Yesterday, the Telegraph published an article by Dan Hodges accusing UK pollsters of herding. For those unfamiliar with the term, herding is the unnatural convergence of results between polling companies, sometimes seen as an election approaches. Various cases have been documented in the US – the more egregious ones involve pollsters deliberately manipulating their numbers.
But herding can also take more subtle forms. Pollsters have a number of methodological decisions to make in order to achieve a sample representative of the population – phone or online fieldwork, which variables to weight by, which parties to prompt for, how to model turnout, how to handle don’t knows and refusers, and so on. In many cases there is no “right” or “wrong” answer, but these decisions have consequences for the final results. If pollsters systematically err on the side of the herd when picking a methodological path, polls will end up with unnaturally similar results.
So is there evidence that herding happened in Britain? I’ve replicated – as closely as possible -the Nate Silver analysis that Hodges refrenced, based on the Labour-Conservative spread, and taking absolute differences to its 21-day rolling average. I’ve done it in two versions – one for all regular pollsters and a second that excludes YouGov, due to the very high frequency of their polls giving them a correspondingly outsize weighting in the version that includes them:
You can see from the chart that polls didn’t suddenly fall into line as election day approached. The shape of the LOESS trendline looks nothing like the “herding” one in Nate Silver’s piece – it looks much more like the one in the “gold standard” chart (the second one) in this piece by his colleague Harry Enten. (Incidentally, this chart does highlight a genuine problem – the reaction to outliers. If I weighted the polls by column inches and airtime they received, it would look rather different…)
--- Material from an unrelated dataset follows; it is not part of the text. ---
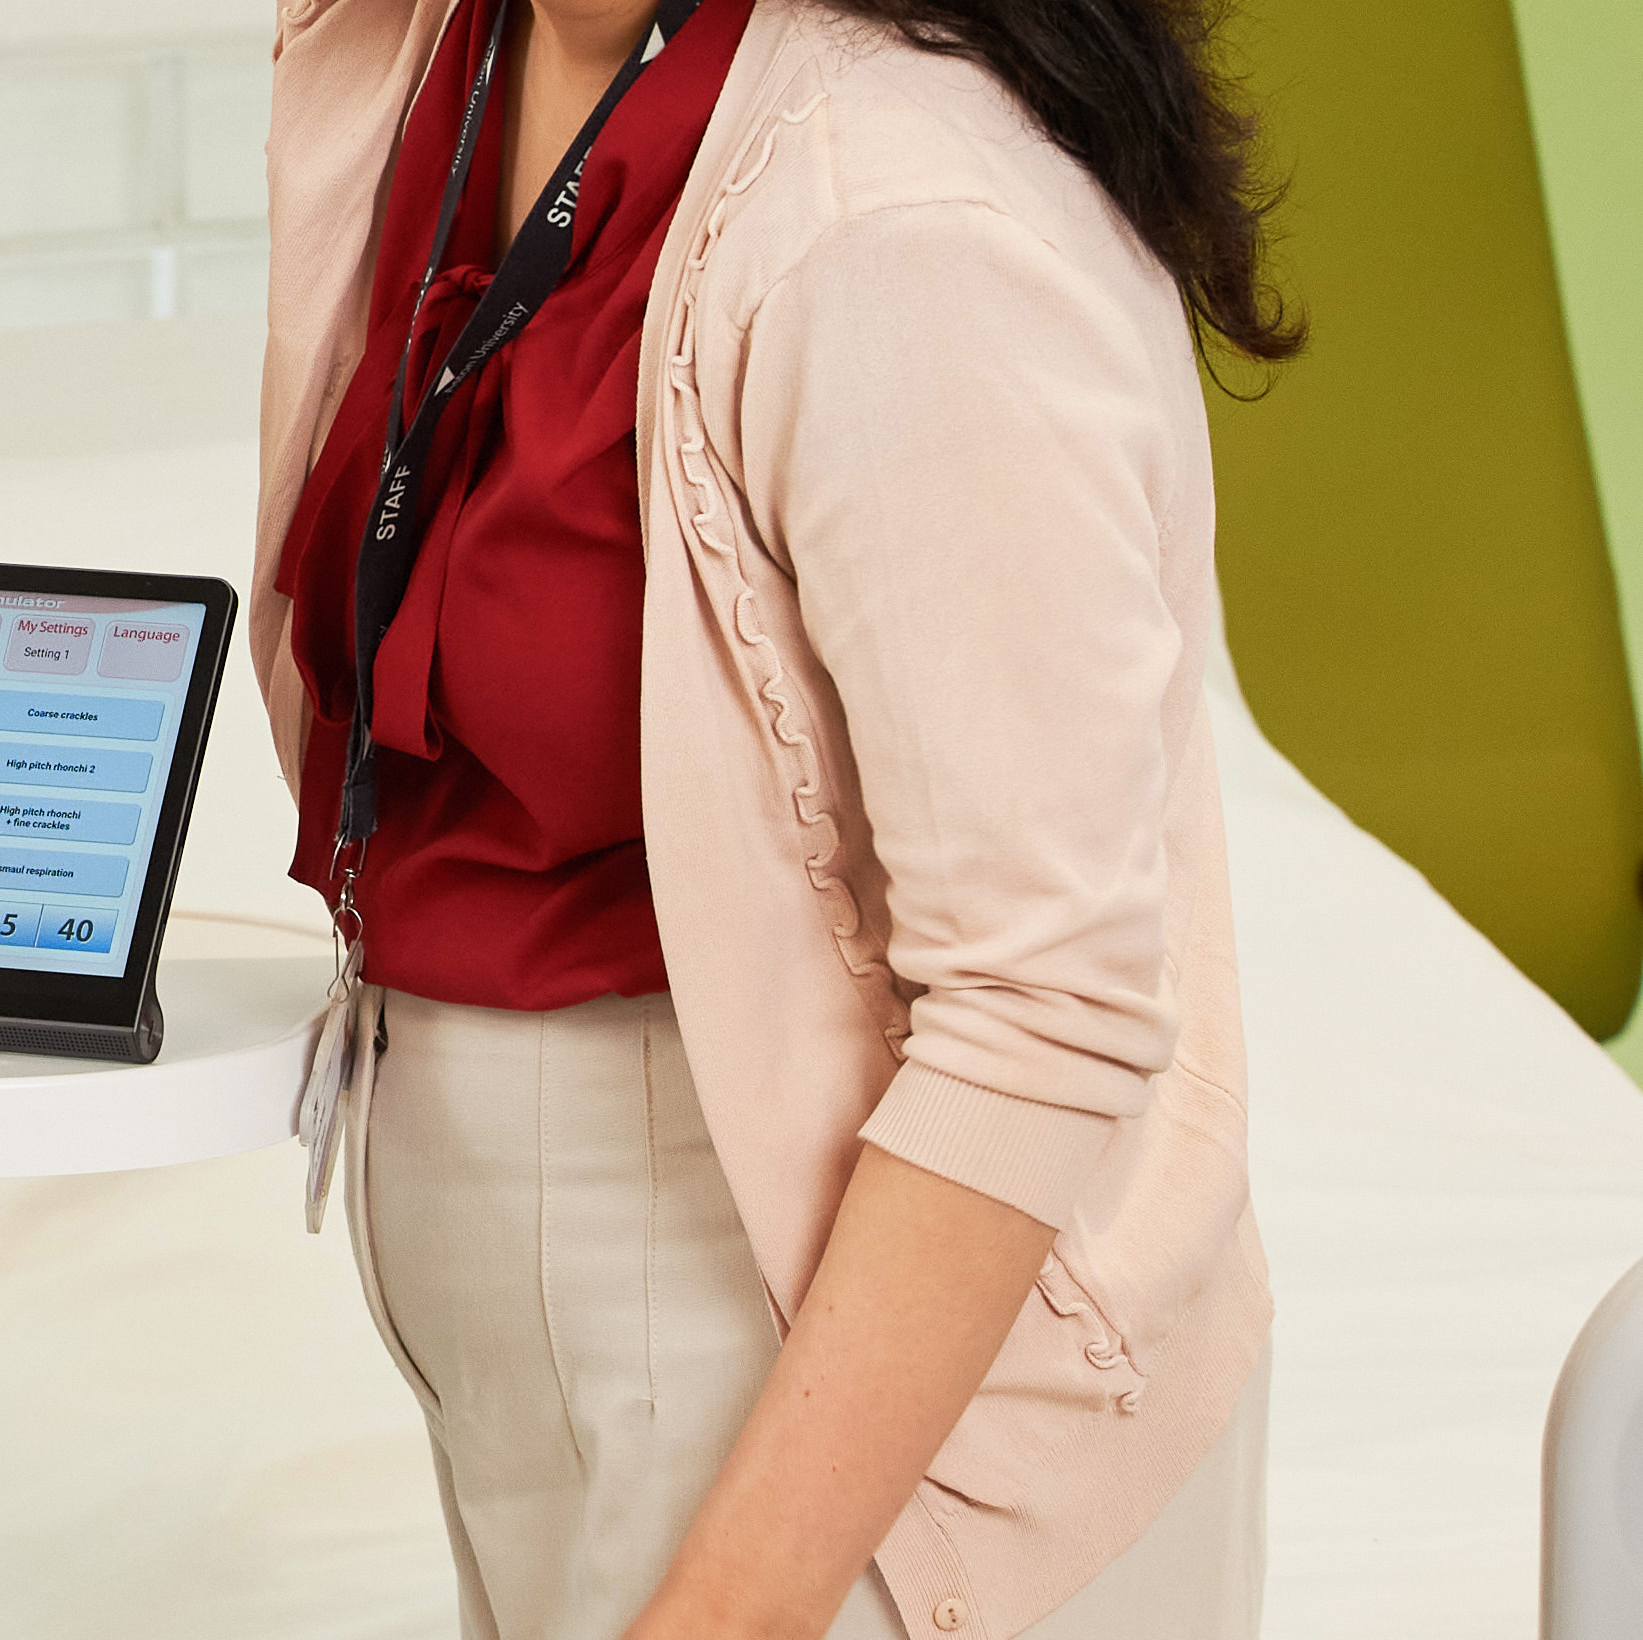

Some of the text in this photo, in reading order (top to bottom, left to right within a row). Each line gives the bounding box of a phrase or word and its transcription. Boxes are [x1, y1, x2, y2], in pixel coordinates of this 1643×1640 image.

There are legitimate reasons why polls might converge. To give just a couple of examples, as don’t knows make their minds up, the impact of some pollsters excluding them while others reallocate them in various way becomes smaller. And at the very end of the campaign, pollsters often increase their sample sizes, reducing (sometimes considerably) the variability inherent in sampling. I wrote about how house effects were relatively small in October and Anthony Wells did so in January. There have been periods of temporarily increased divergence, and in particular between phone and online polls, but not in a way that looks suspicious.
But why are the trendlines lower (implying smaller errors) than in the US races that FiveThirtyEight analysed? There are two main reasons. Firstly, sample sizes are typically larger in Great Britain-wide polls than in US Senate polls of a single state (headline sample sizes of 2,000 are now standard online and sub-1,000 in any mode is now very rare).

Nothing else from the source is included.